February 5th, 2017 at 8:41 PM ^

change. Why have totally separate scouting departments when you can share costs and save money? Also, how are 247Sports subscribers going to feel if Scout breaks stories and keeps the information to that board when 247Sports subscribers pay more?

I can see a couple of purposes in trying to keep both money. First, there are likely some people paying for both sites. Secondly they may not want to open a gap for Jim Heckman to step back in.

Michigan has two strong sites, although from what I have heard, most hate Scout's technology on their site. I'm not sure how this necessarily works in some other locales. My guess is that if they continue with two sites, Scout will be a basic site with 247Sports as a premium if you pay more. Premium members may get Steve and Sam while basic members get only Sam.

Anyone who thinks the current format stays is having delusions of the money tree in Sam's back yard.

rob f

February 5th, 2017 at 1:17 PM ^

He never should have sold his trusty horse.  Scout deserves better than the glue factory.

 

 

Guess who's walking, Tonto?

 

RIP,  Scout!

buddhafrog

February 5th, 2017 at 1:20 PM ^

I like 247 much more than Scout, so I'm very OK with this - assuming Sam simply moves over the 247. I'd much hear him talk about 247 ranking because that is the only one I follow.

TheReal_GR3

February 5th, 2017 at 1:22 PM ^

I'm signed up over at 247 and honestly they were fantastic once the football season ended. I was thinking I wasn't getting much of anything but then something changed. The updated became much more regular and the information was pretty good. With Sam Webb I am truly excited. I hope this doesn't have any impact on his show The Michigan Insider as that was the same name of the Scout site. Looking forward to this.

OneBadMutha

February 5th, 2017 at 1:24 PM ^

Consumers initially think they'll get the best of both worlds in one place but usually the parent company consolidates stuff to save money.  My ballz say that 247 will think it's over-kill having both of them in one spot.  I just started listening to Sam and think he's great.  Wondering if Sam might be better off starting his own thing.  He's connected enough and does enough to support it. 

I Like Burgers

February 5th, 2017 at 1:33 PM ^

You're pretty far off here, WD.  Scout isn't going anywhere.  Read THIS interview with 247's CEO.

 

“[We’ll] absolutely keep running both of them,” he said. “These are two separate brands, two separate companies if you will within the CBS Sports family. Back in technology, marketing, sales, things of that nature, you know, we will share resources, but our first order of business is to give the Scout customers a great product and to stabilize that business for the employees. Fortunately for us, there isn’t a lot of overlap. We’re really strong in a market that they’re really weak in pretty much across the board. We have no plans of shutting down any site or merging them at this time. That’s something that we will discuss way down the road, once we get the business thriving.”

ScruffyTheJanitor

February 6th, 2017 at 12:52 PM ^

What he said is probably eventually correct. Running two buisnesses at the same time that do the same thing makes no damn sense. He probably had to come out and say something like this because you don't want employees looking over their shoulder, thinking they might have their job taken from someone else.

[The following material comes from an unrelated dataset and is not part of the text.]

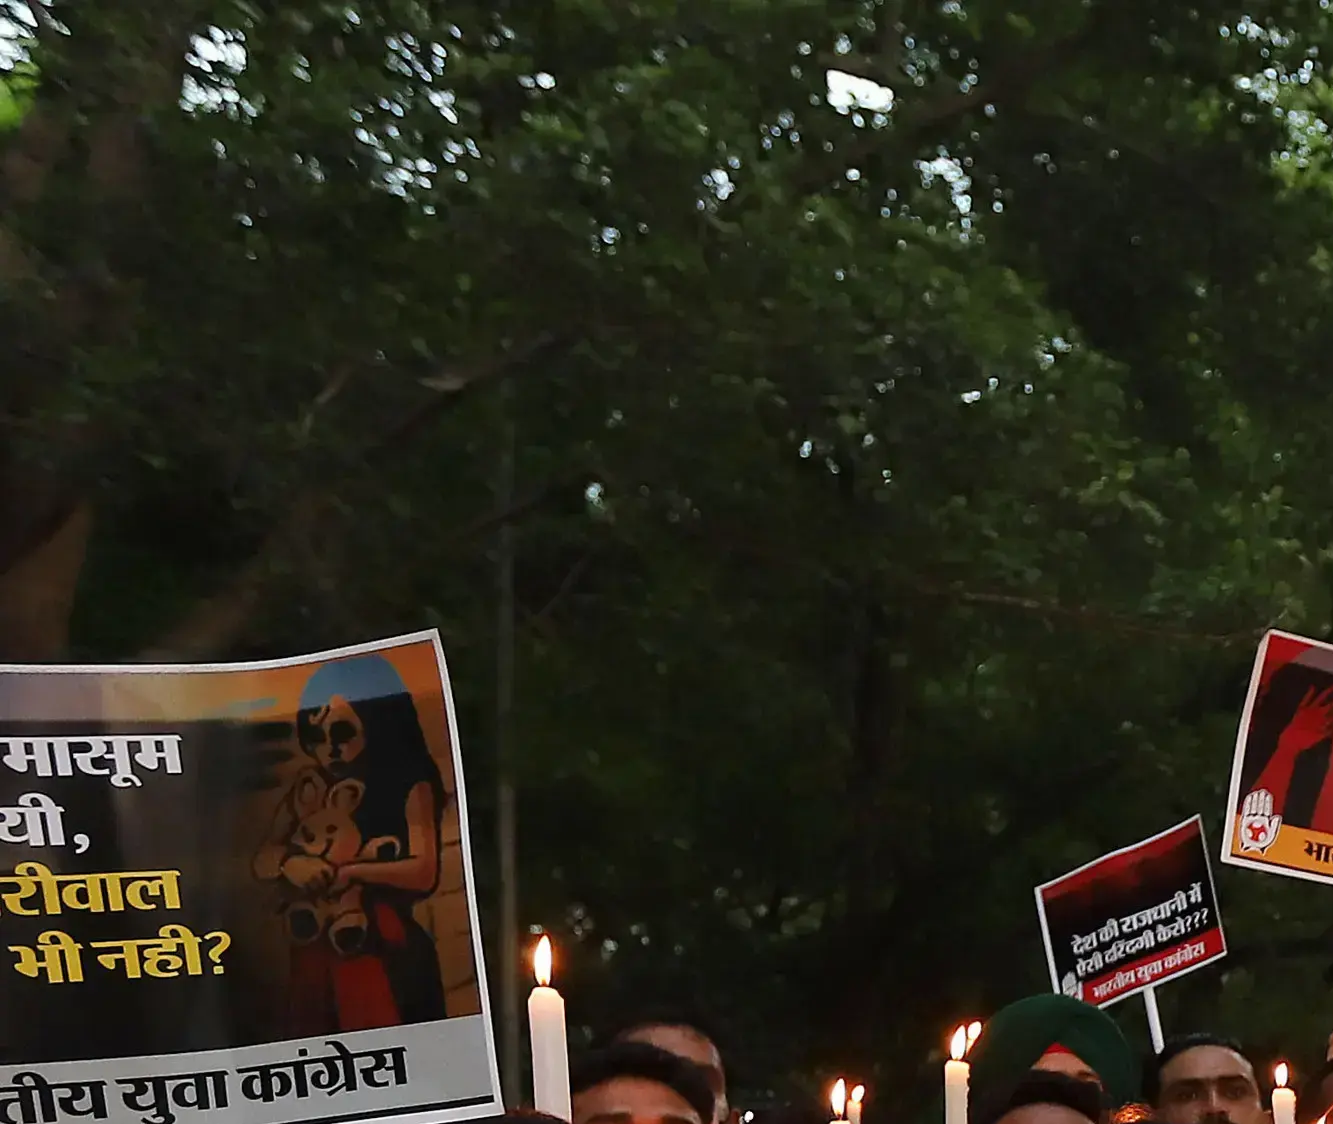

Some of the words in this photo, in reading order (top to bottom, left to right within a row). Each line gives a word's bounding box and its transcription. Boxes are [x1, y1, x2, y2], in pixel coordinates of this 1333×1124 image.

Making a logical conclusion based on evidence doesn't make him "Full of shit." Sam will probably move over. What is the problem with that?

jalenwestman

February 5th, 2017 at 2:40 PM ^

Could see Sam joining with some other guys (different regions) to start a new one. Not sure what 247 pays, that will probably determine his move in the future.

Don

February 5th, 2017 at 5:33 PM ^

Same overall market and combined some portions of management and production, but there are two different readership bases, hence the two different papers.